A novel N‐terminal hydrophobic motif mediates constitutive degradation of serum‐ and glucocorticoid‐induced kinase‐1 by the ubiquitin–proteasome pathway

Serum‐ and glucocorticoid‐induced protein kinase‐1 (SGK‐1) plays a critical role in regulation of the epithelial sodium channel, ENaC. SGK‐1 also shares significant catalytic domain homology with protein kinase B (PKB/AKT‐1) and is a downstream effector of antiapoptotic phosphoinositide 3‐kinase signaling. Steady‐state levels of an active SGK‐1 are tightly regulated by rapid transcriptional activation and post‐translational modification including phosphorylation. We show here that endogenous SGK‐1 protein is polyubiquitinated and rapidly degraded by the 26S proteasome.
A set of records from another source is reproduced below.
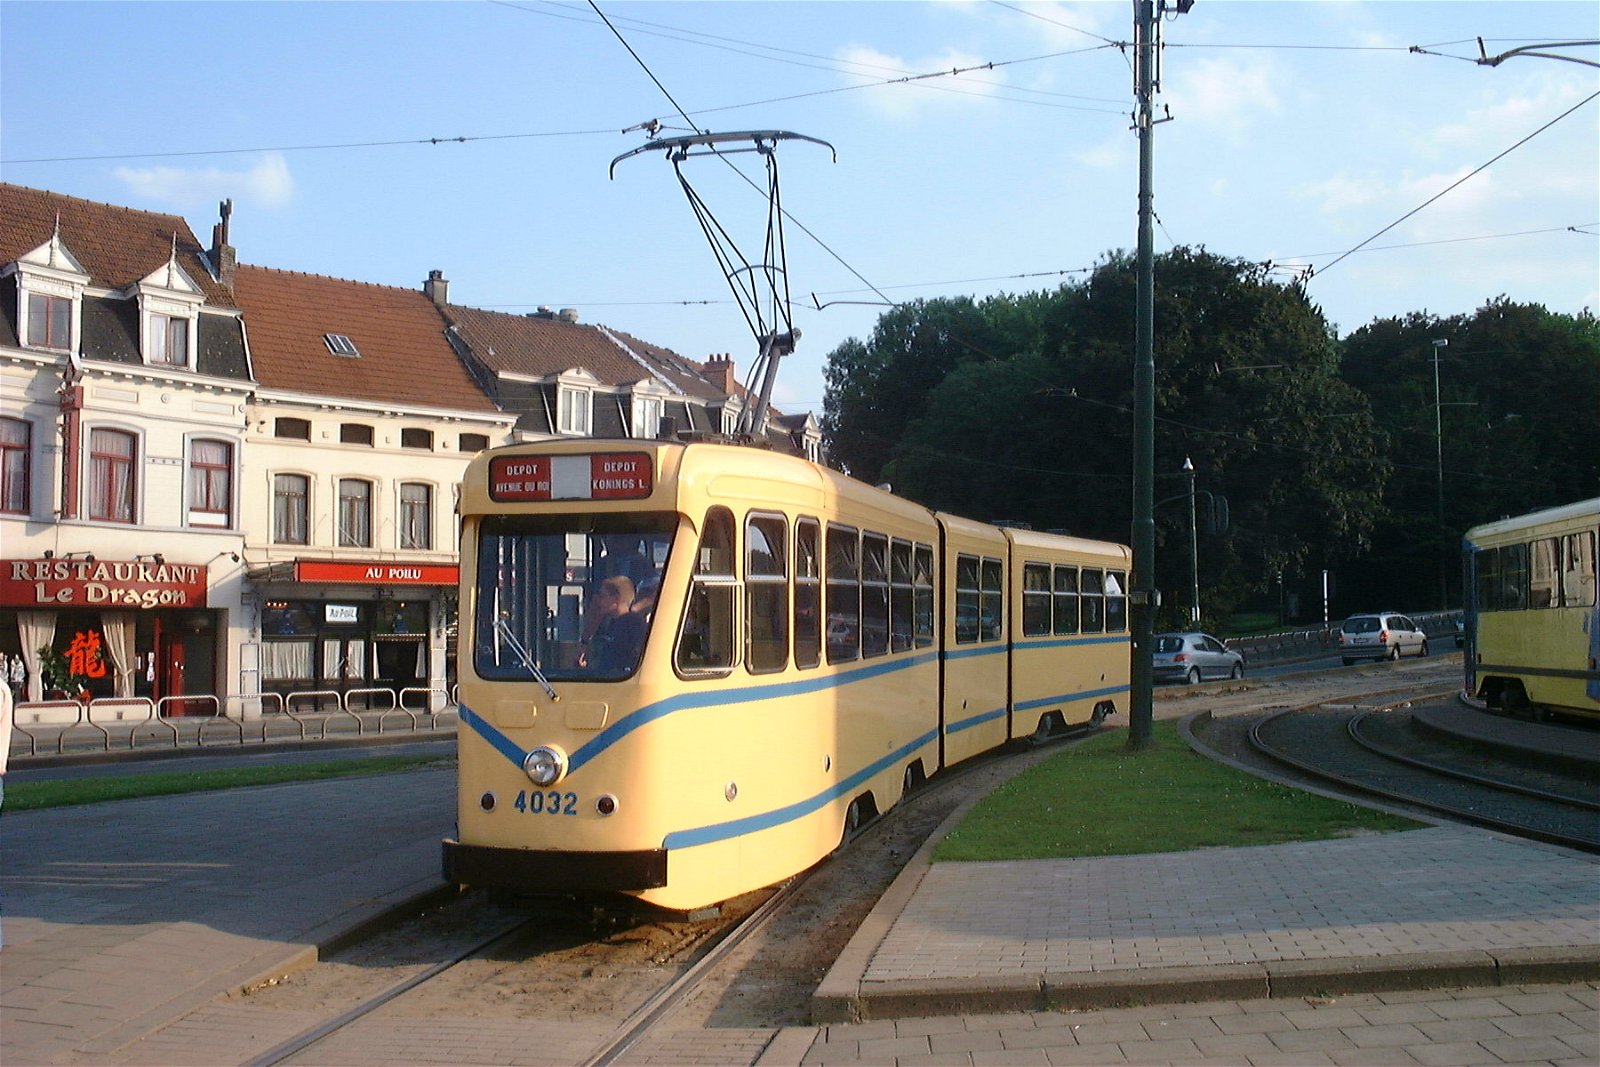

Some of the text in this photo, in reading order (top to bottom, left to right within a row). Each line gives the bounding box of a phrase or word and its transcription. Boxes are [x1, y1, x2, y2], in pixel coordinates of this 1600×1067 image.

[604, 461, 637, 473] DEPOT
[592, 479, 635, 491] KONINGS
[11, 562, 198, 584] RESTAURANT
[366, 568, 422, 579] AU POILU
[35, 582, 186, 608] Le Dragon
[64, 630, 105, 678] 龍
[514, 789, 577, 815] 4032
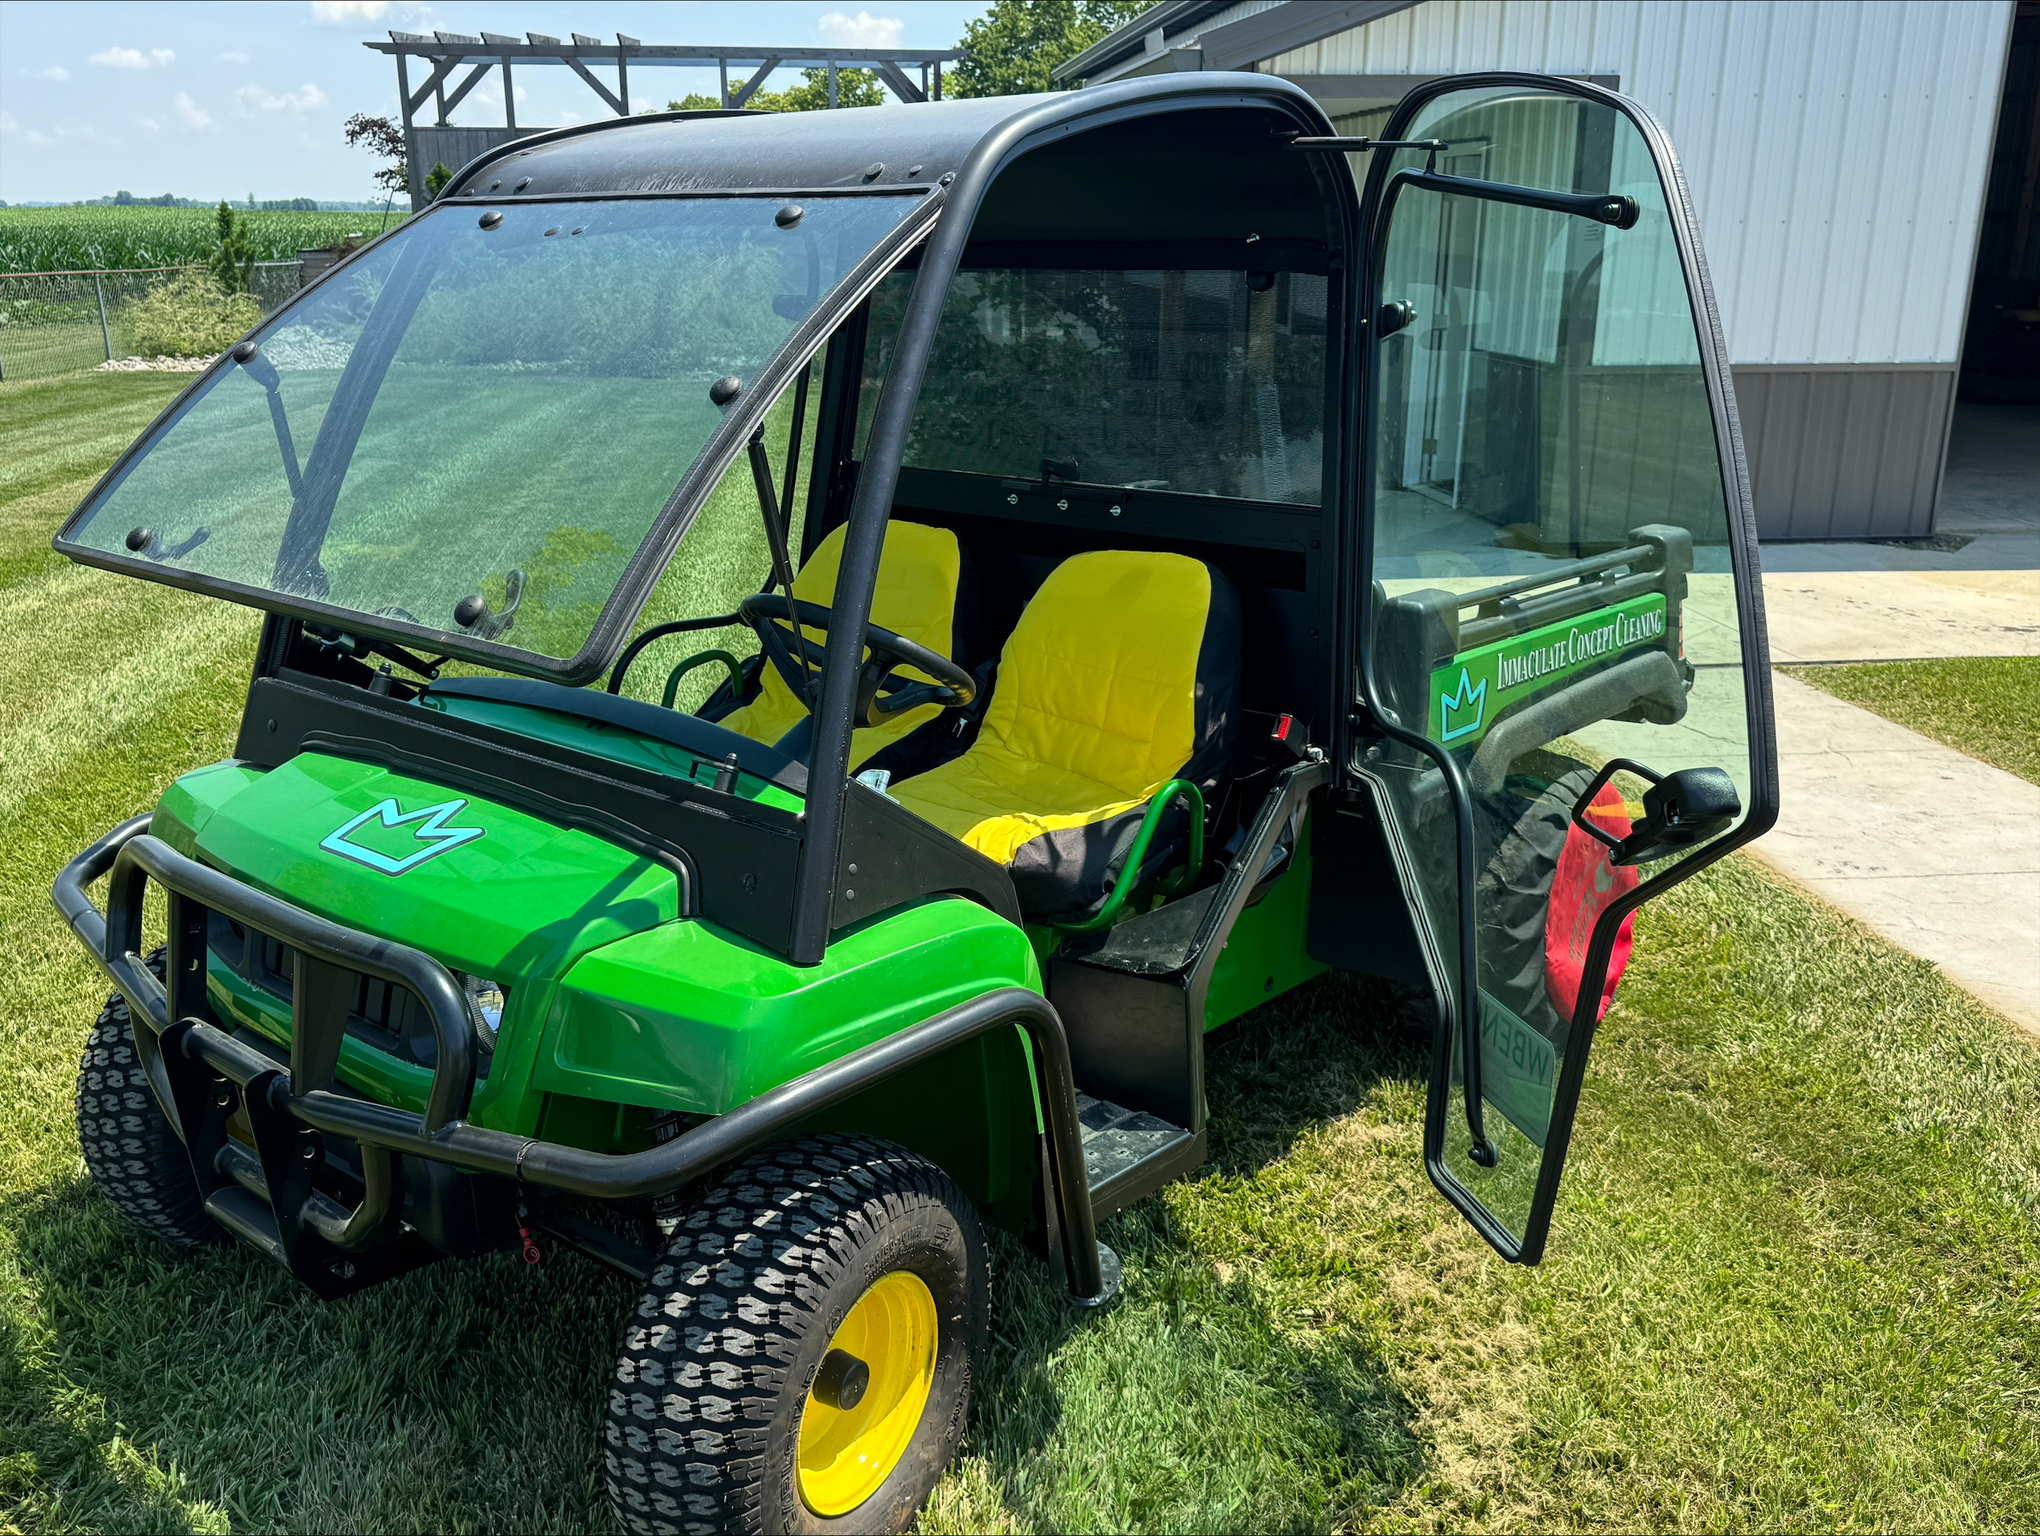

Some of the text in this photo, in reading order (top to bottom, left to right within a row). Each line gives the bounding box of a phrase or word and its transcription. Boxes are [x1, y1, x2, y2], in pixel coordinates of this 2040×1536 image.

[1497, 609, 1662, 690] IMMACULATE CONCEPT CLEANING
In contrast to other rapidly degraded kinases, neither the catalytic activity of SGK‐1 nor activation site phosphorylation was required for its ubiquitin modification and degradation. Instead, SGK‐1 degradation required a lysine‐less six‐amino‐acid (amino acids 19–24) hydrophobic motif (GMVAIL) within the N‐terminal domain. Deletion of amino acids 19–24 significantly increased the half‐life of SGK1 and prevented its ubiquitin modification. Interestingly, this minimal region was also required for the association of SGK‐1 with the endoplasmic reticulum. Ubiquitin modification and degradation of SGK‐1 were increasingly inhibited by the progressive mutation of six N‐terminal lysine residues surrounding the GMVAIL motif. Mutation of all six lysines to arginine did not disrupt the subcellular localization of SGK‐1 despite a significant decrease in ubiquitination, implying that this modification per se was not required for targeting to the endoplasmic reticulum. These results suggest that constitutive ubiquitin‐mediated degradation of SGK‐1 is an important mechanism regulating its biological activity.